What needs to be done: Print only the lines that begin at the line containing "this 1600×1200 image." and end at the last line of the material, both included, without any change.

Material for this task:
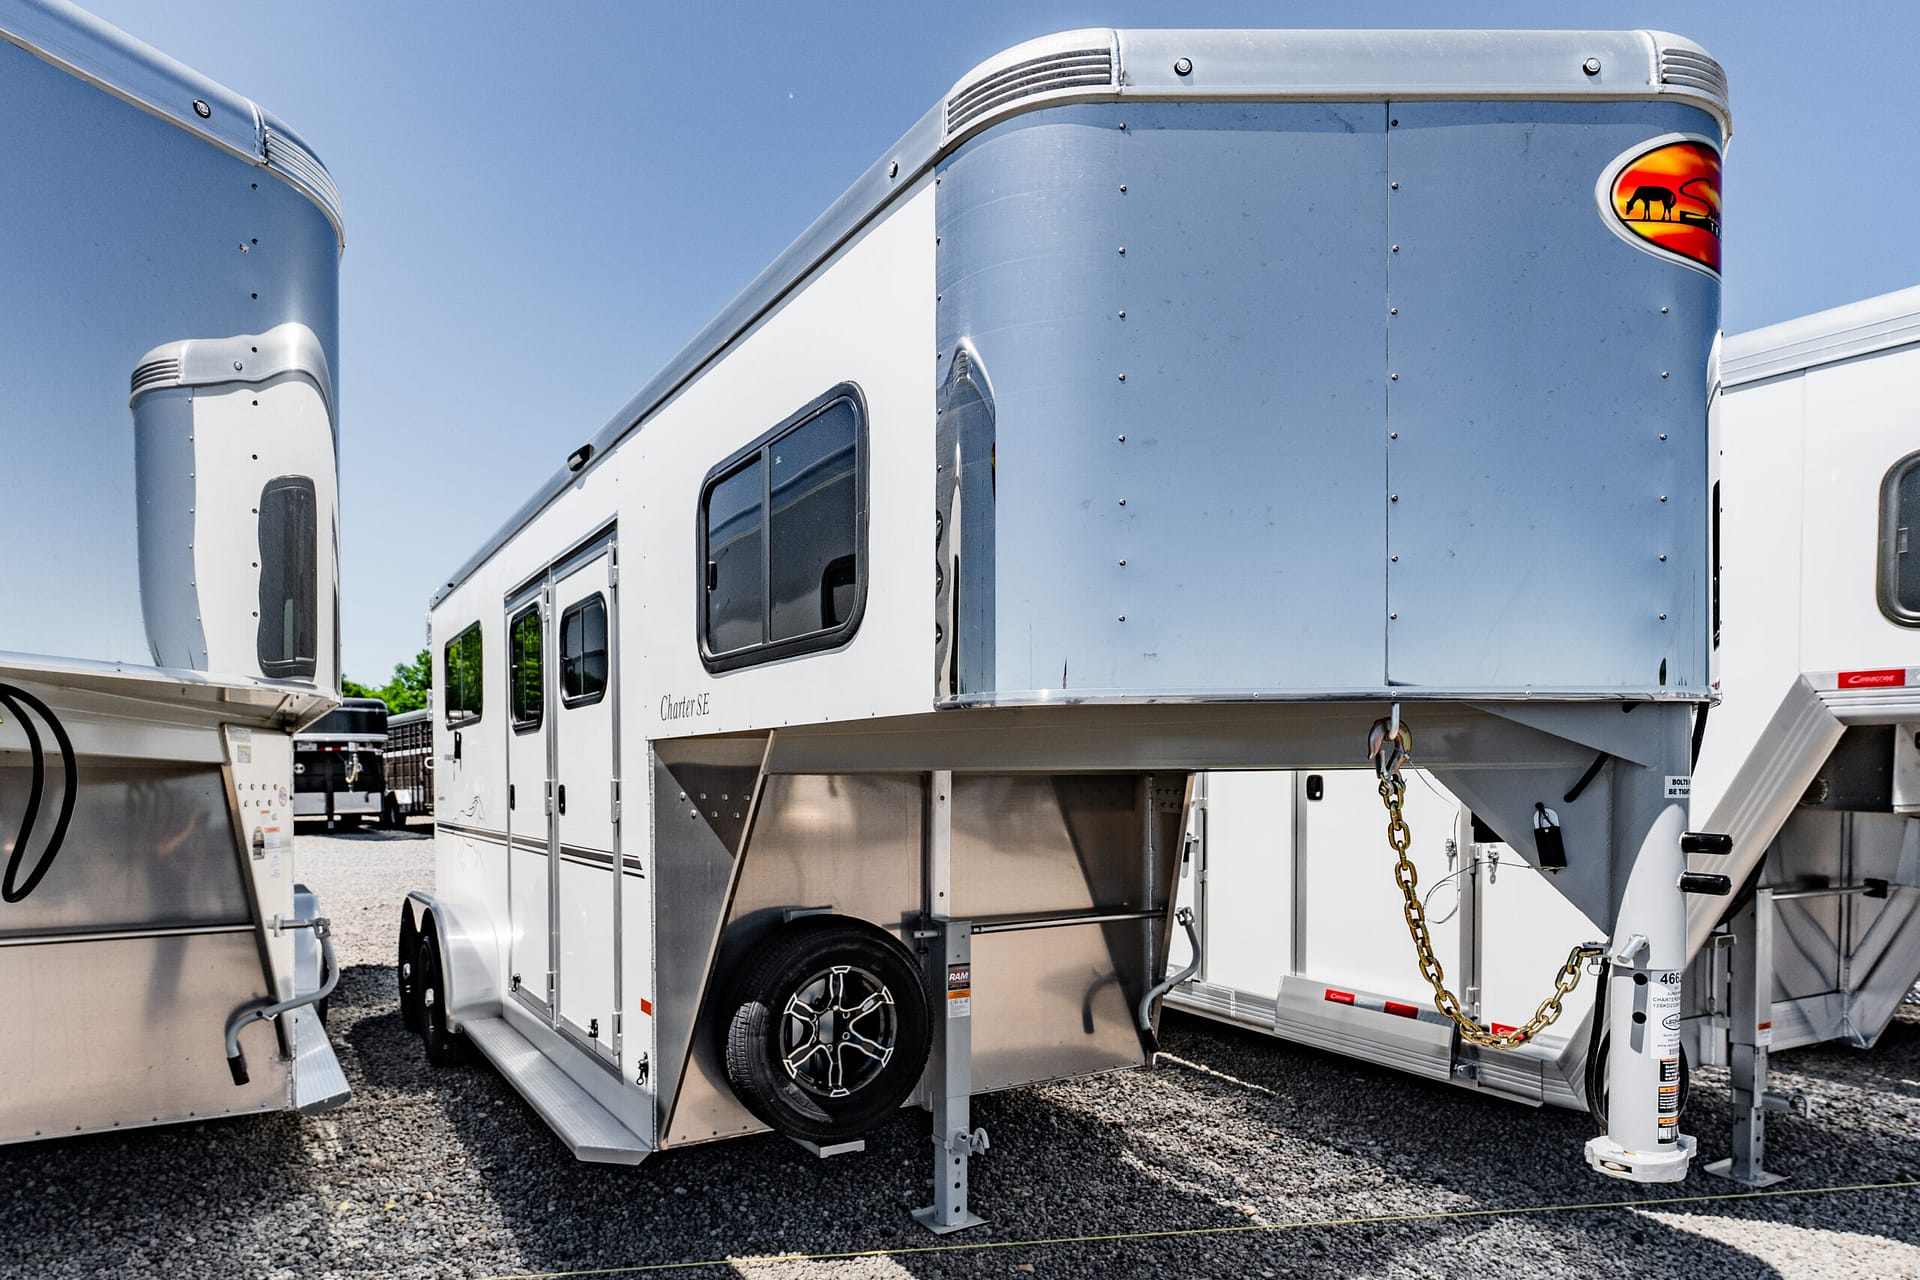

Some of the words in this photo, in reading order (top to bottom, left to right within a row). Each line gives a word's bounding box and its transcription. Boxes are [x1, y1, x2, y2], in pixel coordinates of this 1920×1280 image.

[660, 693, 695, 721] Charter
[696, 692, 710, 716] SE
[949, 971, 968, 981] RAM
[1660, 973, 1681, 985] 466
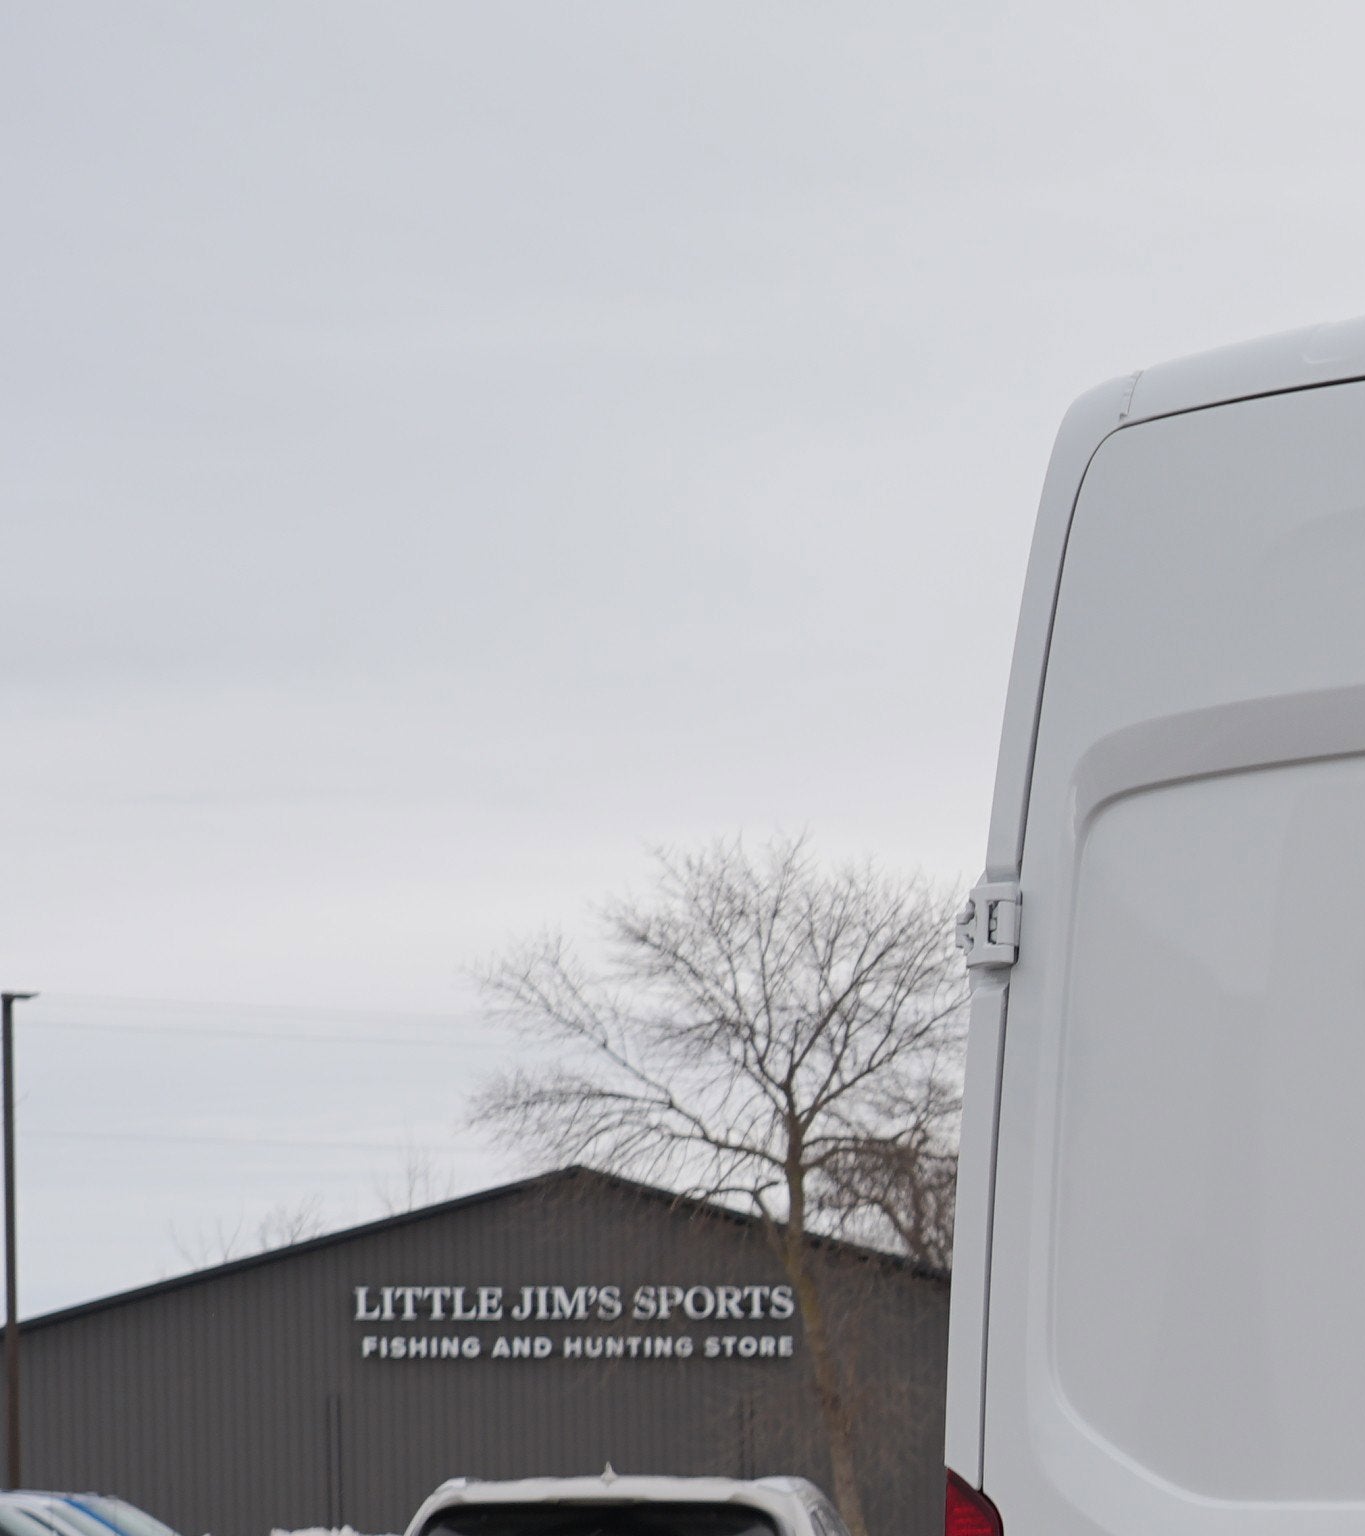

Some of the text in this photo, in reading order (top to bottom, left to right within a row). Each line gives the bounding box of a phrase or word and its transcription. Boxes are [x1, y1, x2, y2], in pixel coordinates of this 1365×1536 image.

[354, 1286, 795, 1321] LITTLE JIM'S SPORTS
[362, 1335, 794, 1359] FISHING AND HUNTING STORE
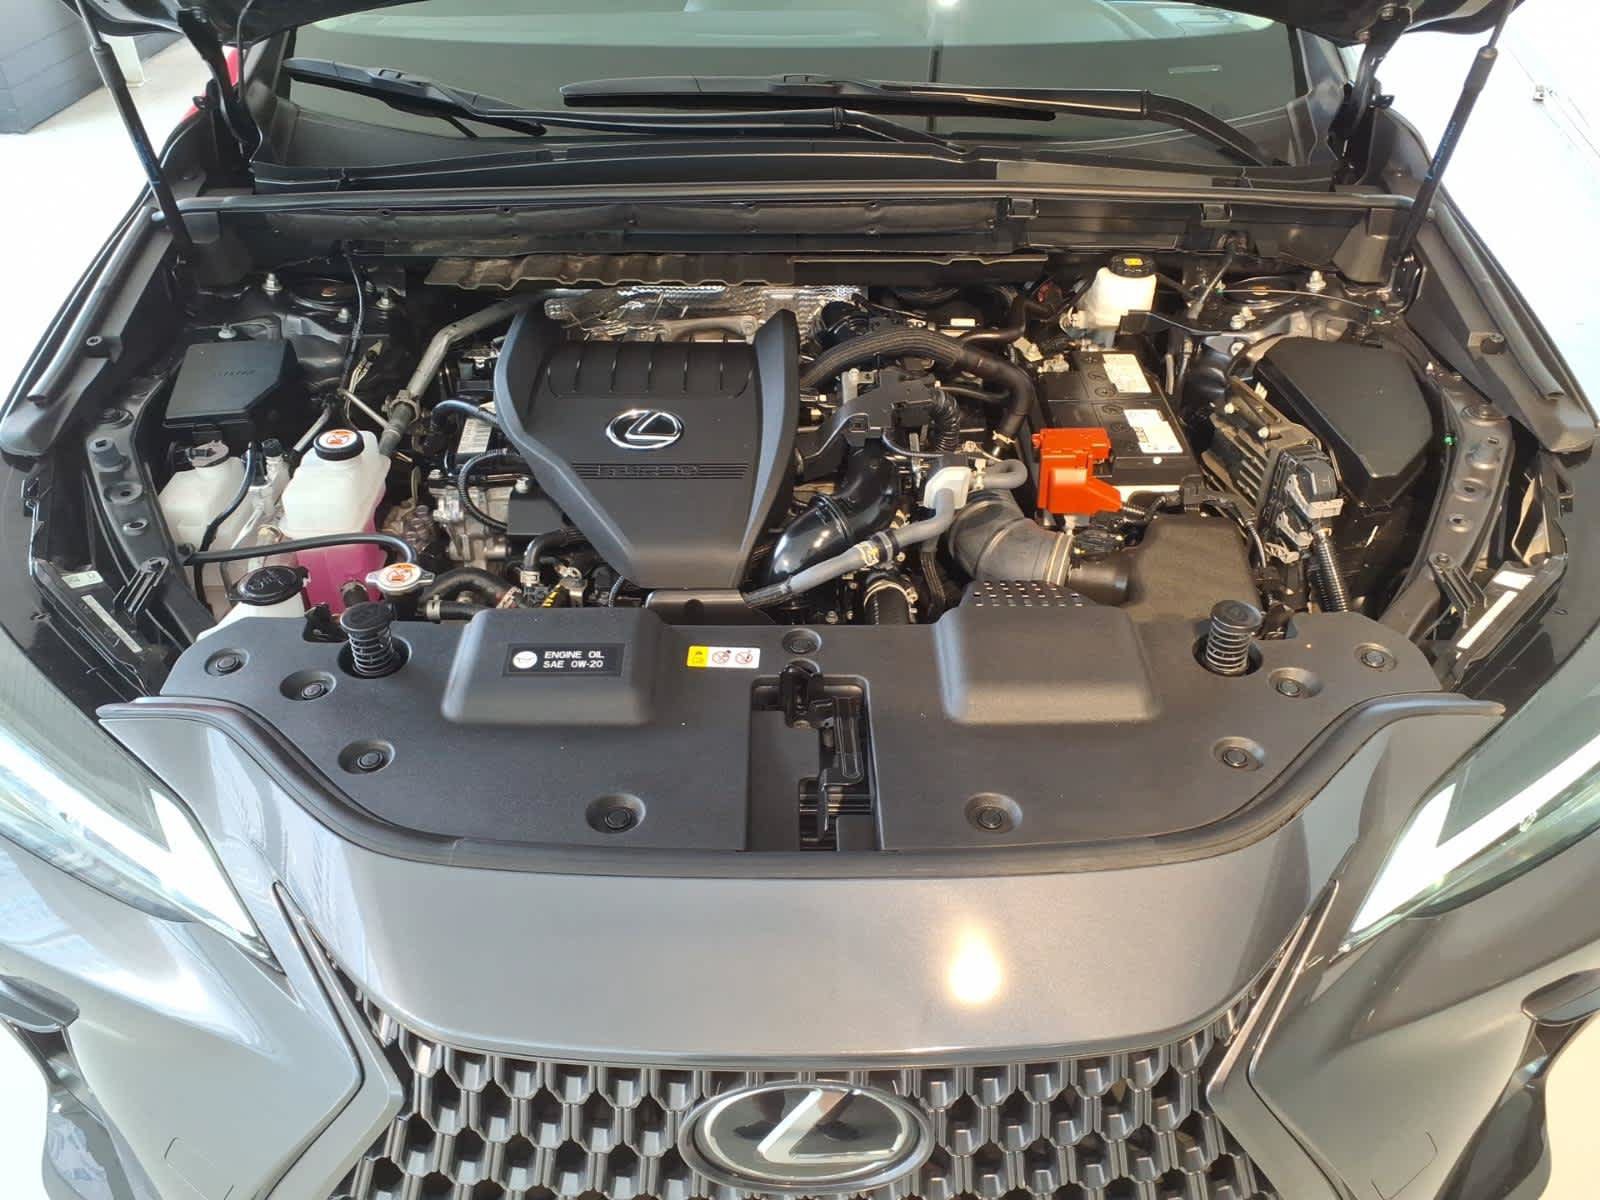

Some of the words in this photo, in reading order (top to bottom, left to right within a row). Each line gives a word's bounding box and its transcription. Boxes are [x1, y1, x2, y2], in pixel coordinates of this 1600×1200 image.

[544, 650, 583, 659] ENGINE
[587, 650, 605, 659] OIL
[543, 660, 565, 669] SAE
[570, 660, 604, 669] 0W-20

Exercise response:
Some of the words in this photo, in reading order (top to bottom, left to right within a row). Each line gives a word's bounding box and its transcription. Boxes are [x1, y1, x2, y2], in pixel coordinates of this 1600×1200 image.

[544, 650, 583, 659] ENGINE
[587, 650, 605, 659] OIL
[543, 660, 565, 669] SAE
[570, 660, 604, 669] 0W-20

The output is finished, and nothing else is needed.